** Your goal **
The answer must consist only of the lines in the records below from the line with "this 1288×966 image." to the line with "this 2048×1536 image.", both included, copied word for word with every picture left out.

Stored dataset items
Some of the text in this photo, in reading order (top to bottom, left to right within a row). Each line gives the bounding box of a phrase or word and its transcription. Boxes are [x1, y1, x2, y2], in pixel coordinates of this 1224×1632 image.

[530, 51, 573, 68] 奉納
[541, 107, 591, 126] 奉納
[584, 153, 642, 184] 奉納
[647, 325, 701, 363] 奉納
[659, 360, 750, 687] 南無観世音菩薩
---
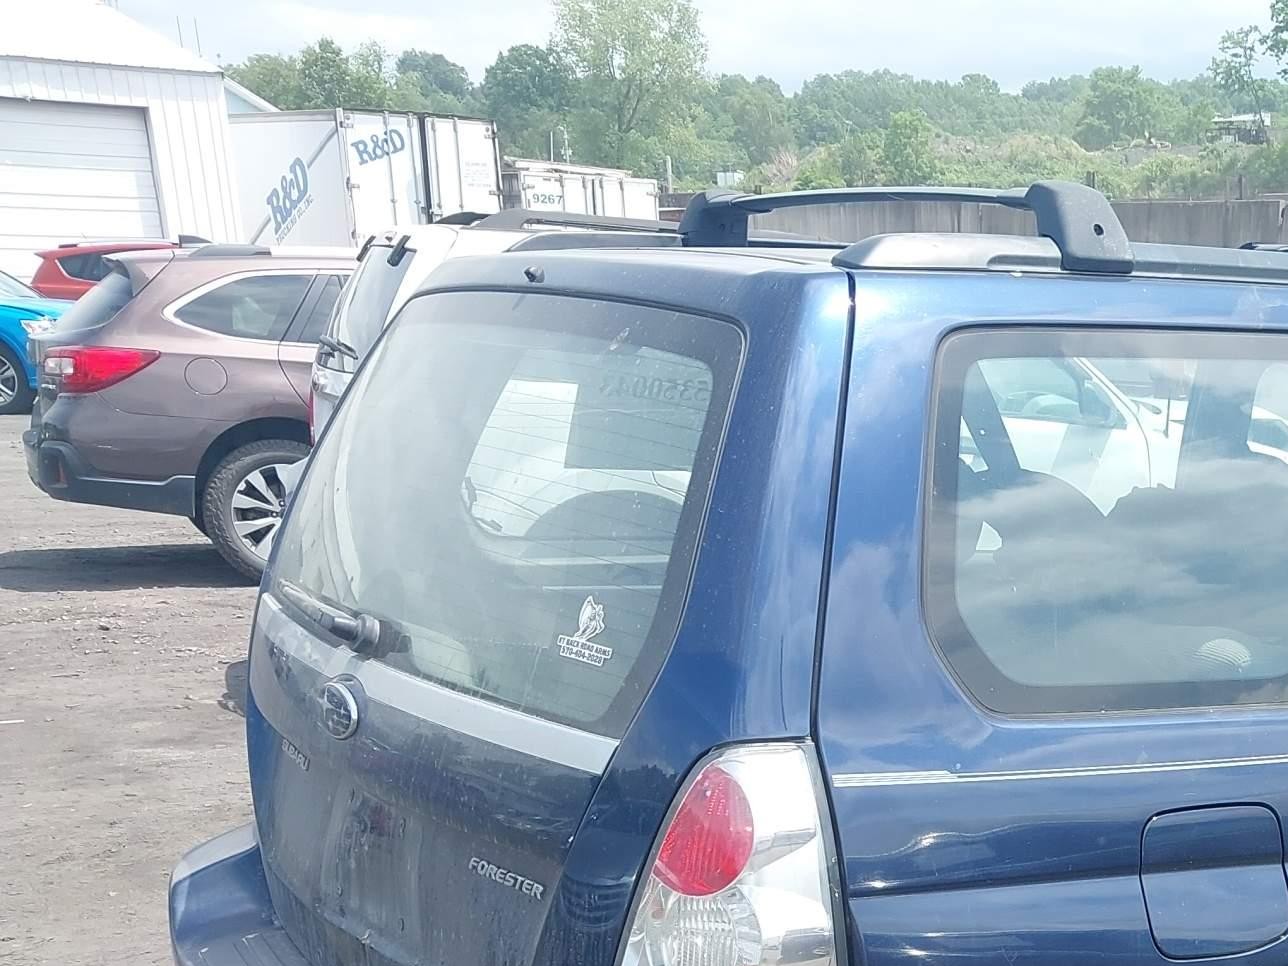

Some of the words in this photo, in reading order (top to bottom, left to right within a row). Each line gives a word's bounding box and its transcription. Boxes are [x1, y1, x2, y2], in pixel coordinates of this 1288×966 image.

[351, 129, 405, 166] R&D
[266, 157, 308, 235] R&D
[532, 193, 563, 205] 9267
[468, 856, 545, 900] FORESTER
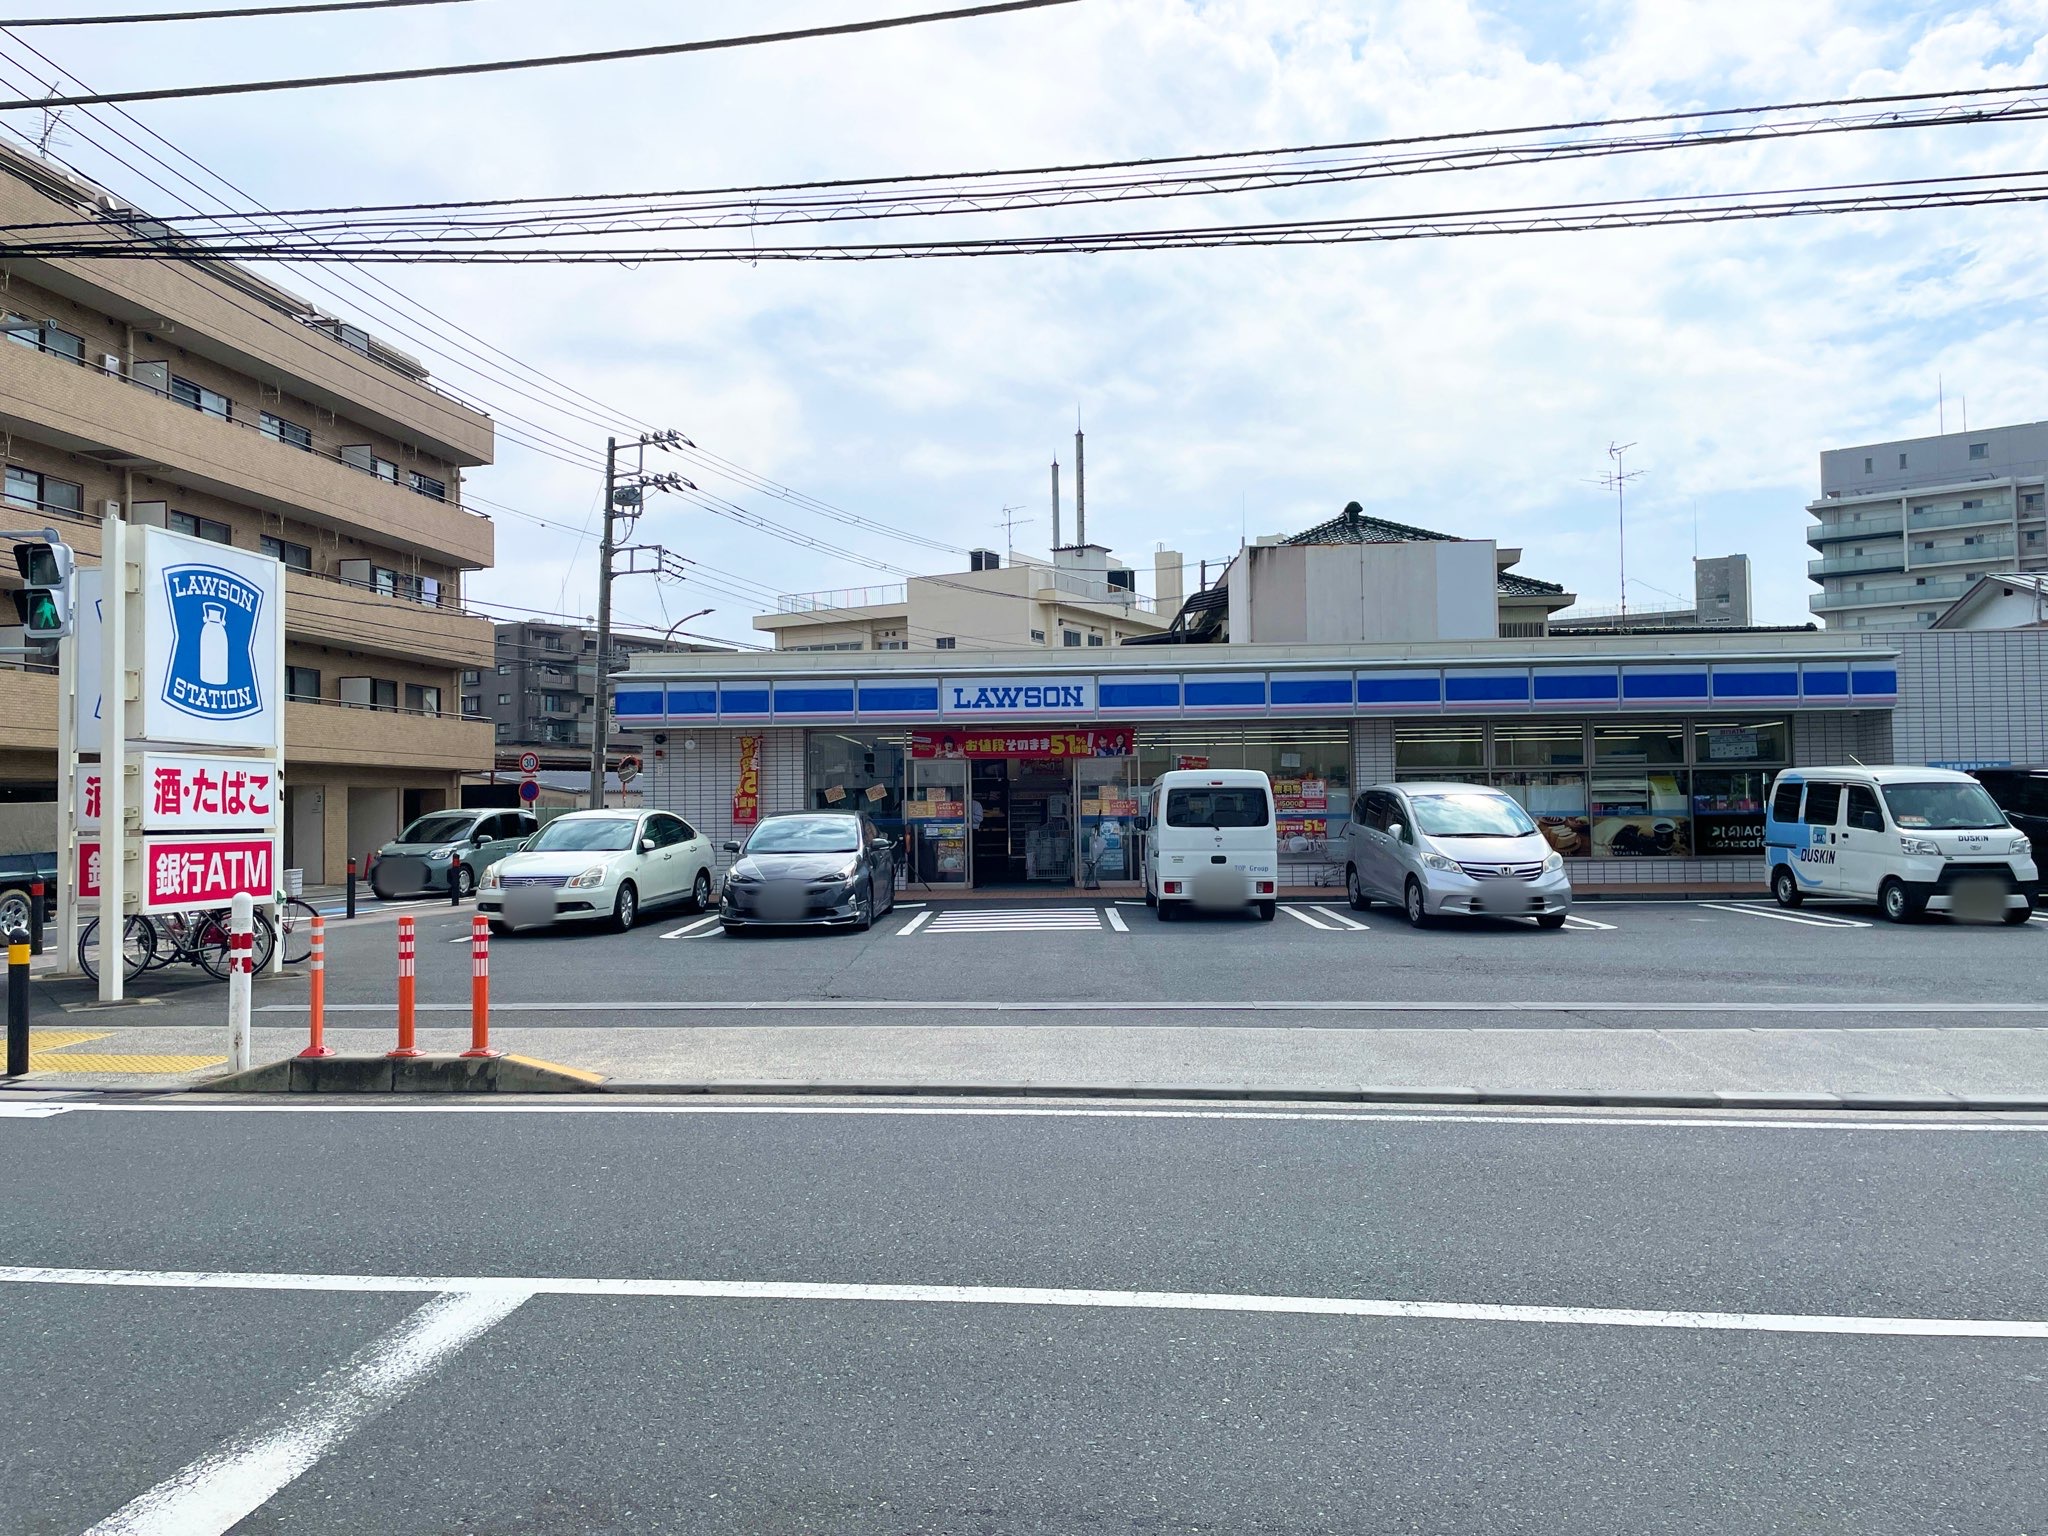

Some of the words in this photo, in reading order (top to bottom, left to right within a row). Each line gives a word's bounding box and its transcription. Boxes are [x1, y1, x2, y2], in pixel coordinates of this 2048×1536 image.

** Solution to this task **
Some of the words in this photo, in reading order (top to bottom, left to right within a row). Each line gives a word's bounding box and its transcription. Boxes are [x1, y1, x2, y2], in pixel coordinates of this 1288×966 image.

[351, 129, 405, 166] R&D
[266, 157, 308, 235] R&D
[532, 193, 563, 205] 9267
[468, 856, 545, 900] FORESTER

Some of the words in this photo, in reading order (top to bottom, left to right within a row). Each line gives a word's bounding box and its transcription. Boxes are [x1, y1, x2, y2], in pixel coordinates of this 2048×1536 image.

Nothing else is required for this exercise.